MCQ item (3PL) — probability, log-likelihood, information

from hb_irt.types import Item
from hb_irt.models.threepl import ThreePLModel

item = ThreePLModel(Item(item_id="q1", a=1.2, b=0.3, c=0.2))
item.probability(theta=0.3)   # -> 0.6  (== (1+c)/2 at theta == b, per Table 5)
item.loglik(value=1, theta=0.3)
item.info(theta=0.3)          # Fisher information at theta=0.3

Graded QA response (0-10 scale) — GRM

from hb_irt.models.grm import GRMItem, GRMModel

# 10 boundaries -> 11 ordered categories (raw scores 0..10)
item = GRMModel(GRMItem(item_id="qa1", a=1.0, boundaries=(-2, -1, 0, 1, 2, 3, 4, 5, 6, 7)))
item.category_probabilities(theta=0.5)   # -> array of 11 probabilities, sums to 1
item.loglik(value=7, theta=0.5)          # value is the observed 0-10 category
item.info(theta=0.5)

Continuous QA response (0-100 scale) — CRM

from hb_irt.models.crm import CRMItem, CRMModel

item = CRMModel(CRMItem(item_id="qa2", a=1.0, b=0.0, max_score=100.0))
item.loglik(value=72.0, theta=0.4)
item.info(theta=0.4)   # constant == a^2 for this model (see crm.py docstring)

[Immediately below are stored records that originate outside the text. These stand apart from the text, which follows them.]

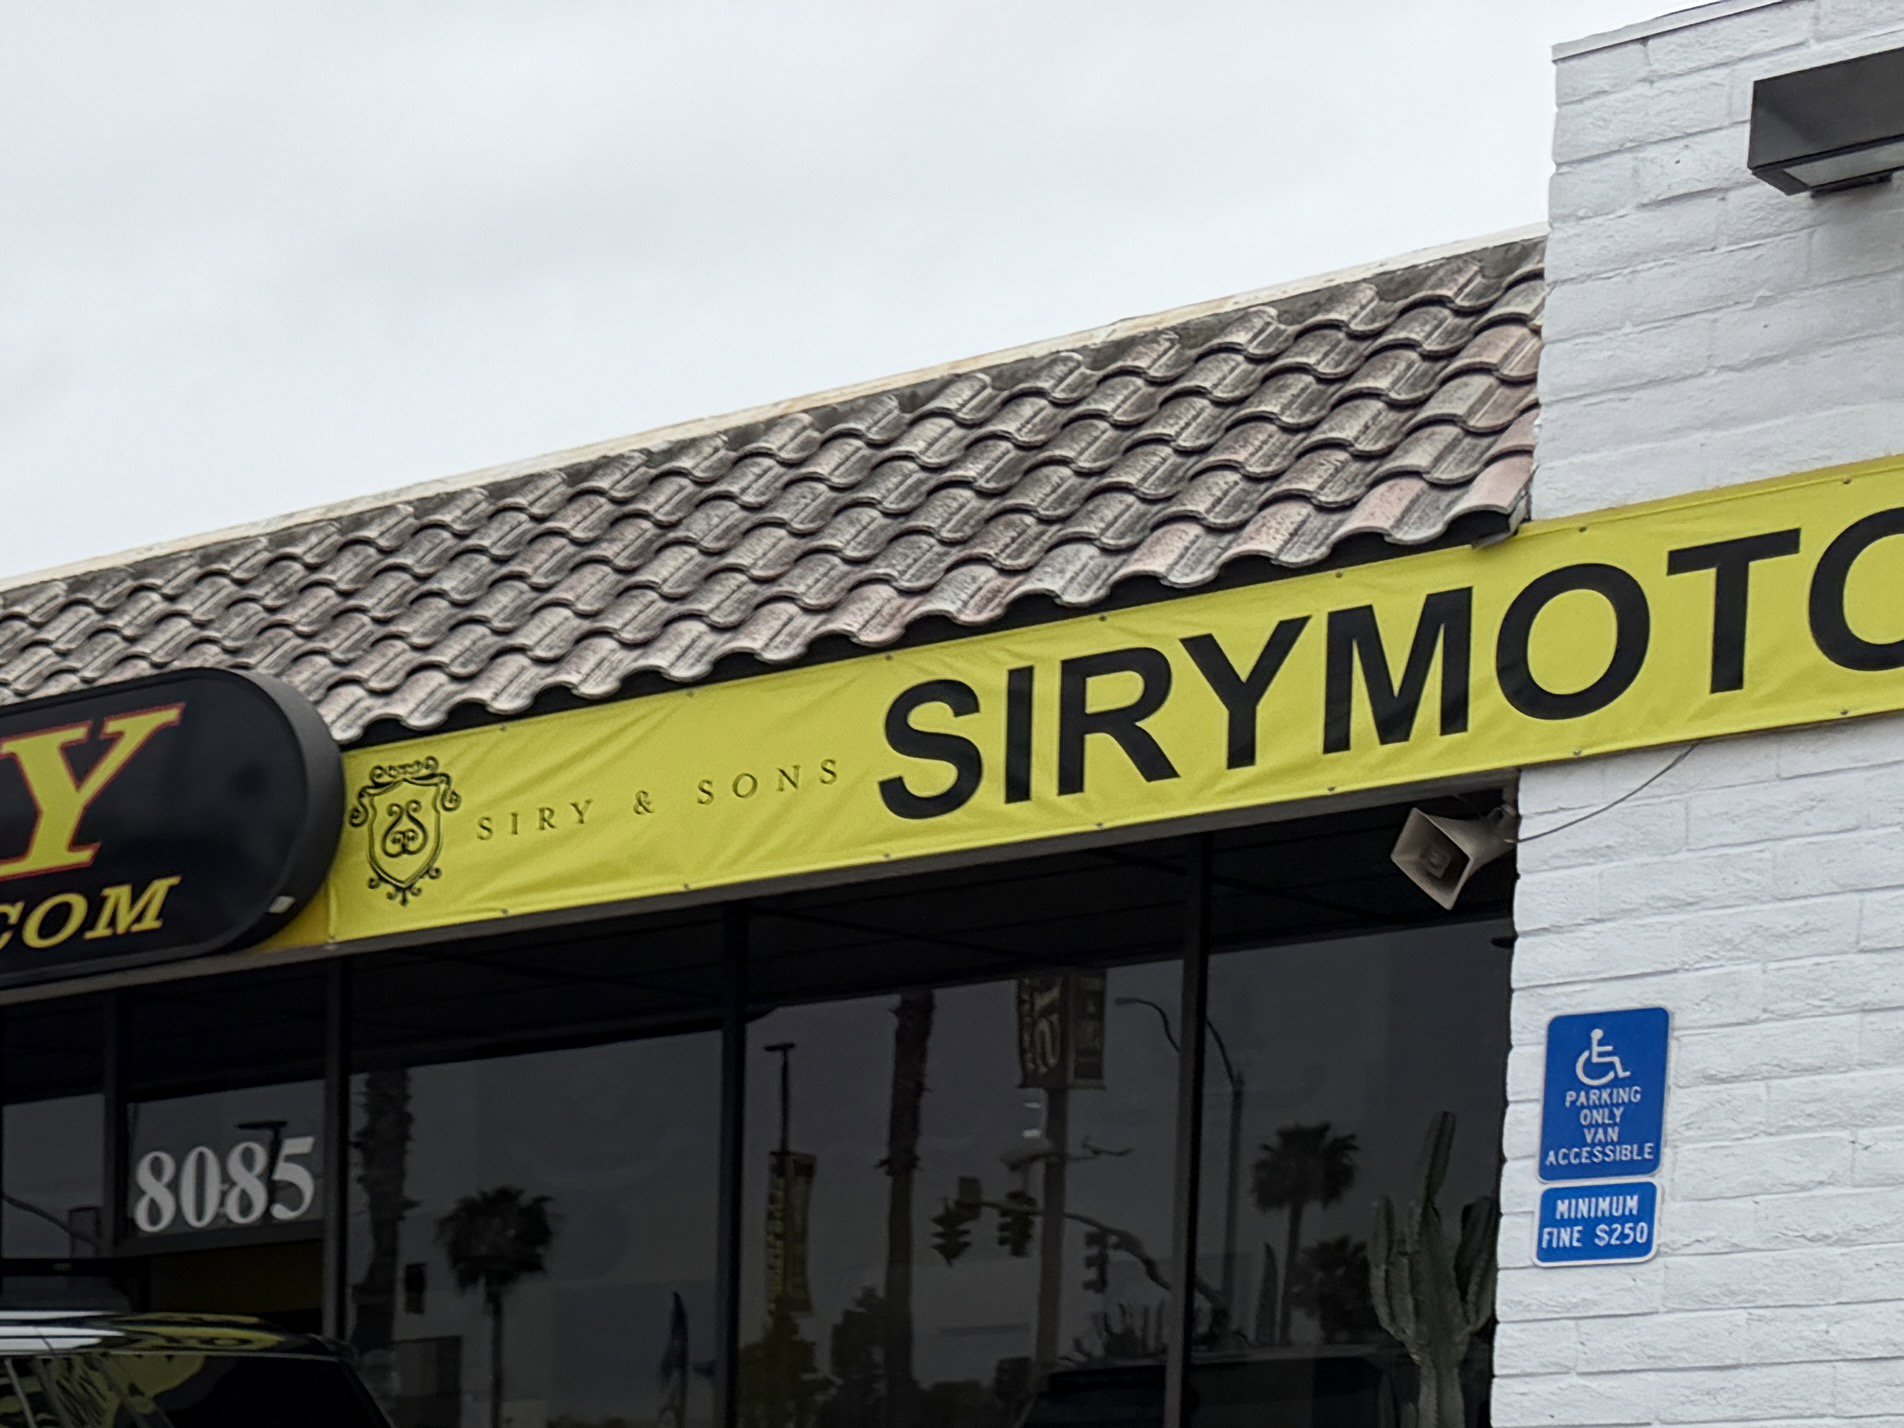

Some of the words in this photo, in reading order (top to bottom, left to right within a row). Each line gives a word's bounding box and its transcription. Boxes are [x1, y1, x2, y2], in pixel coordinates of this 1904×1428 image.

[477, 799, 592, 841] SIRY
[633, 789, 655, 815] &
[697, 758, 838, 805] SONS
[1565, 1086, 1642, 1107] PARKING
[1580, 1106, 1624, 1126] ONLY
[1584, 1127, 1618, 1144] VAN
[1545, 1143, 1655, 1166] ACCESSIBLE
[134, 1136, 315, 1232] 8085
[1555, 1195, 1638, 1220] MINIMUM
[1542, 1226, 1583, 1249] FINE
[1595, 1222, 1648, 1247] $250

EAP / MAP ability estimation from mixed item types

from hb_irt.bayes.estimation import eap_estimate, map_estimate

# Any mix of ThreePLModel / GRMModel / CRMModel instances works — each just
# contributes a scalar loglik(value, theta).
responses = [(mcq_model, 1), (grm_model, 8), (crm_model, 80.0)]

posterior = eap_estimate(responses, prior_mu=0.0, prior_sigma=1.0)
# posterior.mu, posterior.variance, posterior.sem, posterior.credible_interval(0.95)

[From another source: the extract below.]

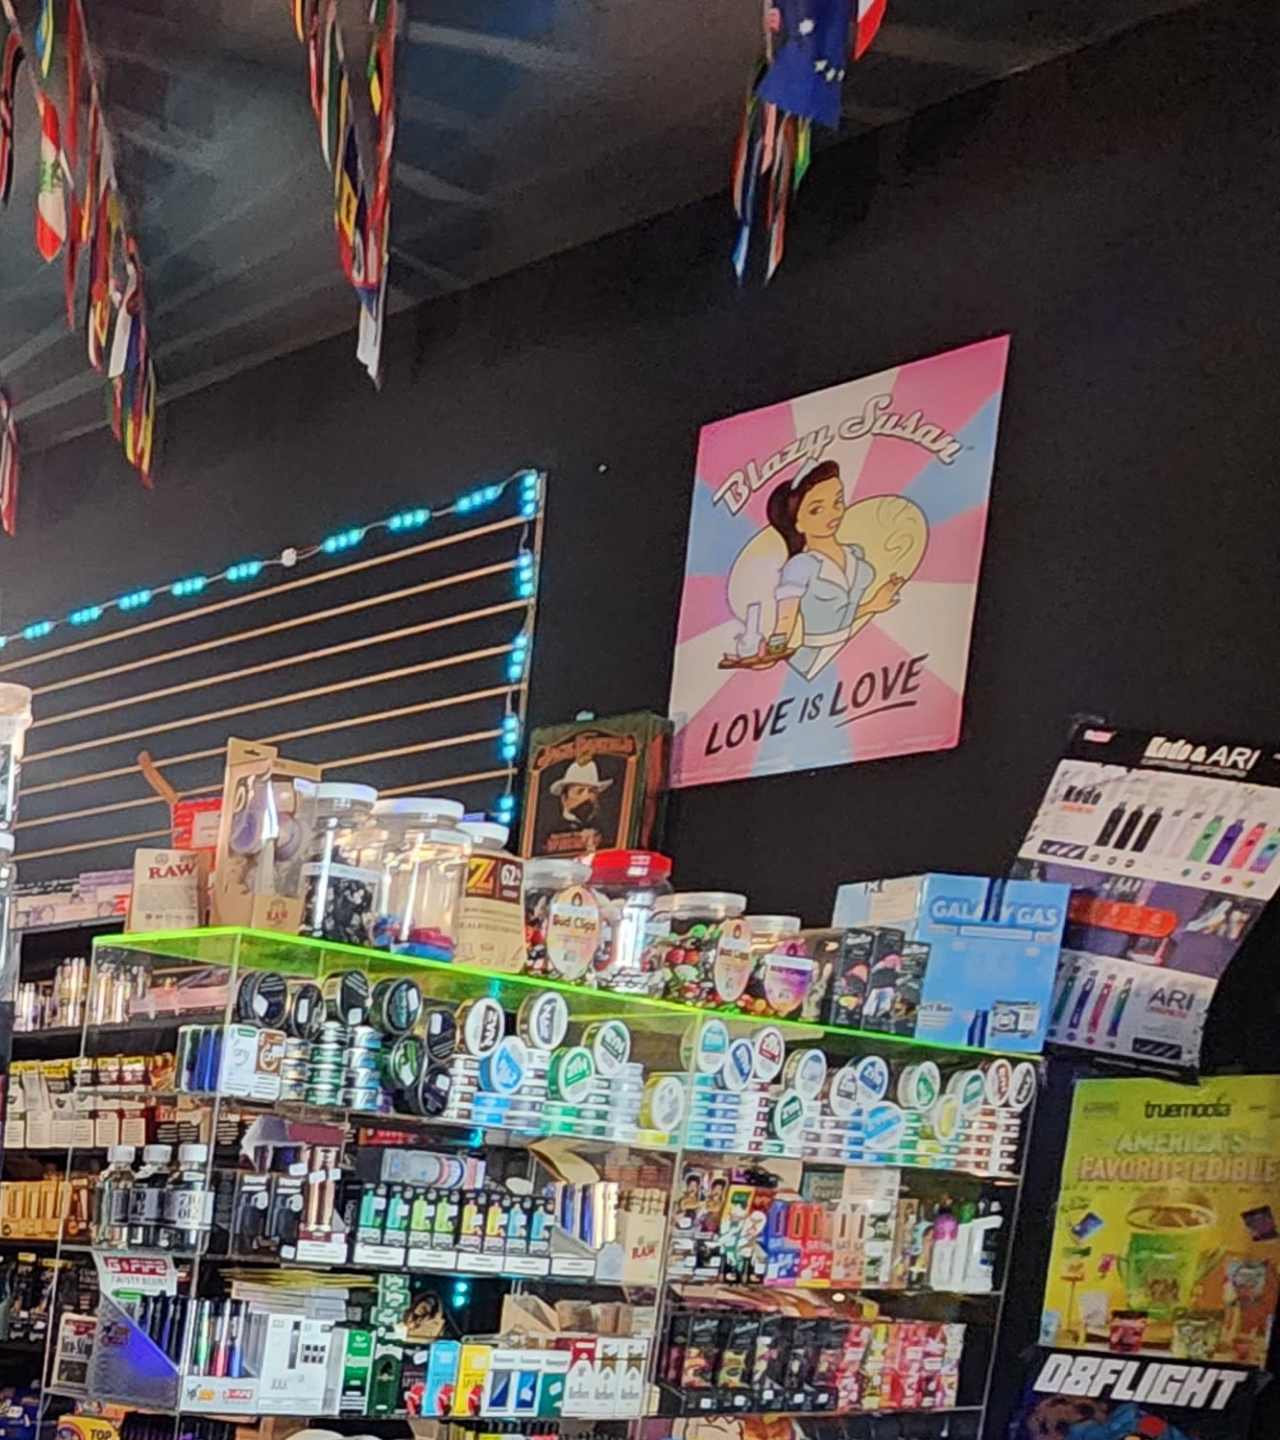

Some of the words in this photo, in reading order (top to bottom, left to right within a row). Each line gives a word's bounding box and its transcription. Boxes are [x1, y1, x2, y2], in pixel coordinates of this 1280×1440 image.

theta_map = map_estimate(responses, prior_mu=0.0, prior_sigma=1.0)

Sequential updating across test modules

from hb_irt.types import Posterior
from hb_irt.bayes.sequential import sequential_update, sequential_update_all

prior = Posterior(mu=0.0, variance=1.0)
module_1_posterior = sequential_update(prior, module_1_responses)
module_2_posterior = sequential_update(module_1_posterior, module_2_responses)

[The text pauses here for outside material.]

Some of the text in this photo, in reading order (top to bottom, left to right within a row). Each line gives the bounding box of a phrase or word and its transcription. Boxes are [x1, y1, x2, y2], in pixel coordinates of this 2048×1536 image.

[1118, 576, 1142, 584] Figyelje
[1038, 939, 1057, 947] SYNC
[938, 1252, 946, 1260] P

# or in one call, given an ordered list of modules' responses:
history = sequential_update_all(prior, [module_1_responses, module_2_responses])

Posterior variance is guaranteed to be non-increasing across calls (assuming non-degenerate item information) — this is asserted by tests/bayes/test_sequential.py.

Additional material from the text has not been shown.